**Record extracts**

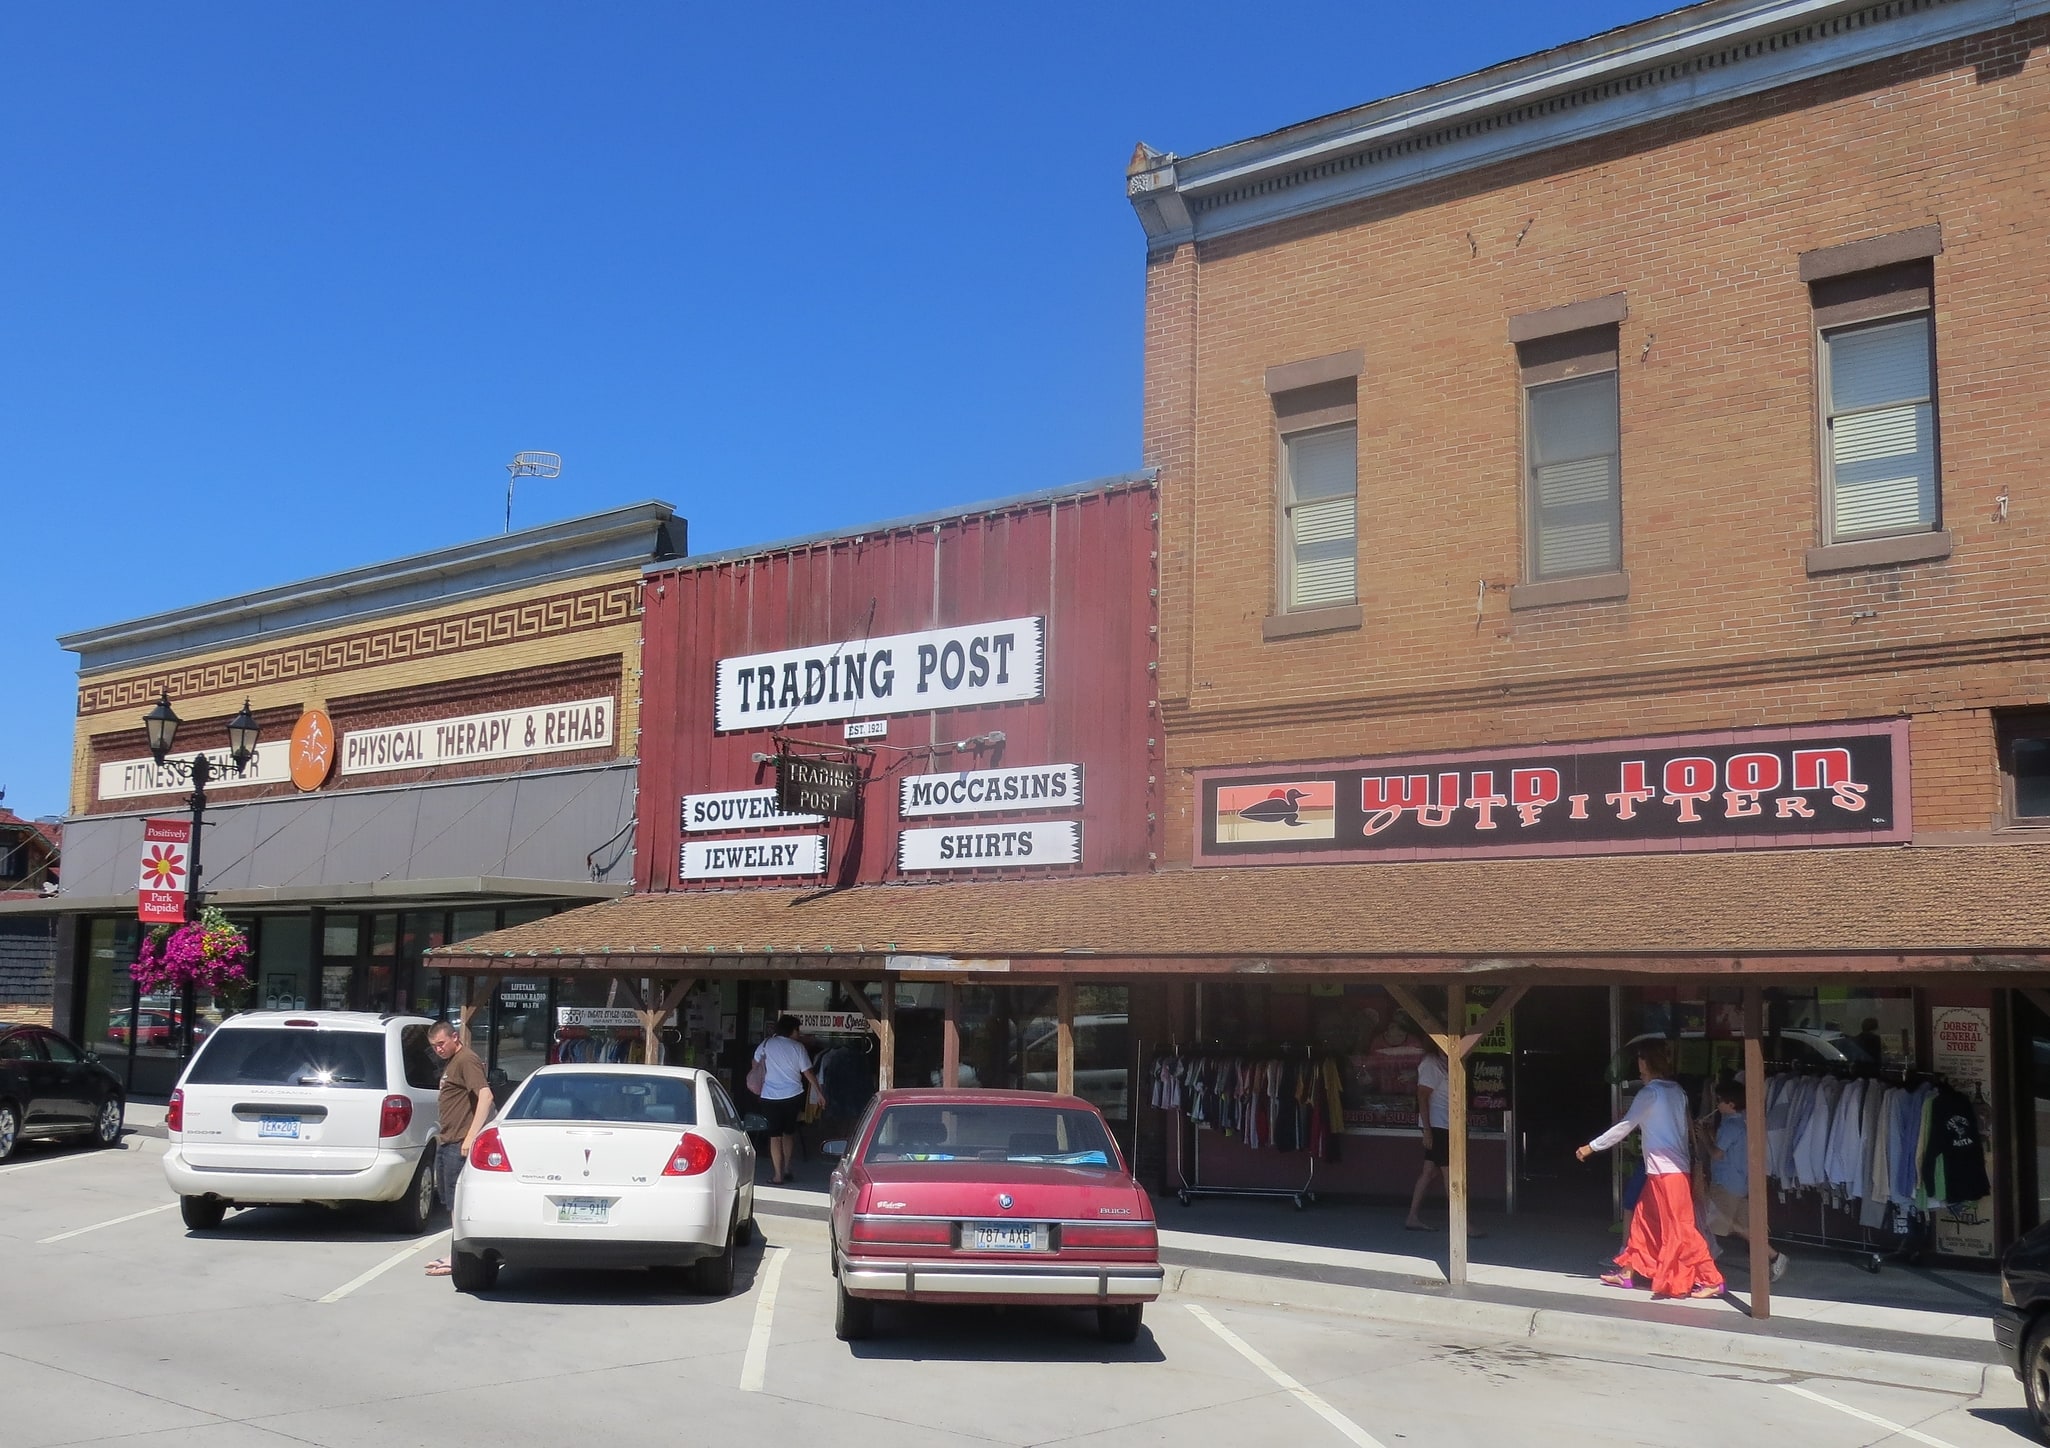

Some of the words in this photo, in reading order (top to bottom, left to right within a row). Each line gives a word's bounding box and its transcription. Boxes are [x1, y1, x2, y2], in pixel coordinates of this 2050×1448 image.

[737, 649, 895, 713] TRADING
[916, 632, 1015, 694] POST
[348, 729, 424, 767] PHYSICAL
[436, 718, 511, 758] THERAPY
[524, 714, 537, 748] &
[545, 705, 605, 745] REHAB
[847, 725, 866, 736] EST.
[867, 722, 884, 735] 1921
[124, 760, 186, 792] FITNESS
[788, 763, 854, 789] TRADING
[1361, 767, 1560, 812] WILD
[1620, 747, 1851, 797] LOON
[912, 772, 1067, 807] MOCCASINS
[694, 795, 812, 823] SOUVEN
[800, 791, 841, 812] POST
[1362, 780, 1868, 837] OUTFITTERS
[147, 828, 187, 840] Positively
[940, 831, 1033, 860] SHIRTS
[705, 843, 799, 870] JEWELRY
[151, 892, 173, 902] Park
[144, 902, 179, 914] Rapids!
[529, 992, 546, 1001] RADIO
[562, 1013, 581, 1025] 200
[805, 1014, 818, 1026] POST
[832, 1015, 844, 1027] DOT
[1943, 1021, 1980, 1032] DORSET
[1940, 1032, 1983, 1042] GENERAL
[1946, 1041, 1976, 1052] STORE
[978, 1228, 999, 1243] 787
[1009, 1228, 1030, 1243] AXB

**Instructions for the task**
Transcribe the full listing above exactly as it stands, minus the pictures.

**Result of this exercise**
Some of the words in this photo, in reading order (top to bottom, left to right within a row). Each line gives a word's bounding box and its transcription. Boxes are [x1, y1, x2, y2], in pixel coordinates of this 2050×1448 image.

[737, 649, 895, 713] TRADING
[916, 632, 1015, 694] POST
[348, 729, 424, 767] PHYSICAL
[436, 718, 511, 758] THERAPY
[524, 714, 537, 748] &
[545, 705, 605, 745] REHAB
[847, 725, 866, 736] EST.
[867, 722, 884, 735] 1921
[124, 760, 186, 792] FITNESS
[788, 763, 854, 789] TRADING
[1361, 767, 1560, 812] WILD
[1620, 747, 1851, 797] LOON
[912, 772, 1067, 807] MOCCASINS
[694, 795, 812, 823] SOUVEN
[800, 791, 841, 812] POST
[1362, 780, 1868, 837] OUTFITTERS
[147, 828, 187, 840] Positively
[940, 831, 1033, 860] SHIRTS
[705, 843, 799, 870] JEWELRY
[151, 892, 173, 902] Park
[144, 902, 179, 914] Rapids!
[529, 992, 546, 1001] RADIO
[562, 1013, 581, 1025] 200
[805, 1014, 818, 1026] POST
[832, 1015, 844, 1027] DOT
[1943, 1021, 1980, 1032] DORSET
[1940, 1032, 1983, 1042] GENERAL
[1946, 1041, 1976, 1052] STORE
[978, 1228, 999, 1243] 787
[1009, 1228, 1030, 1243] AXB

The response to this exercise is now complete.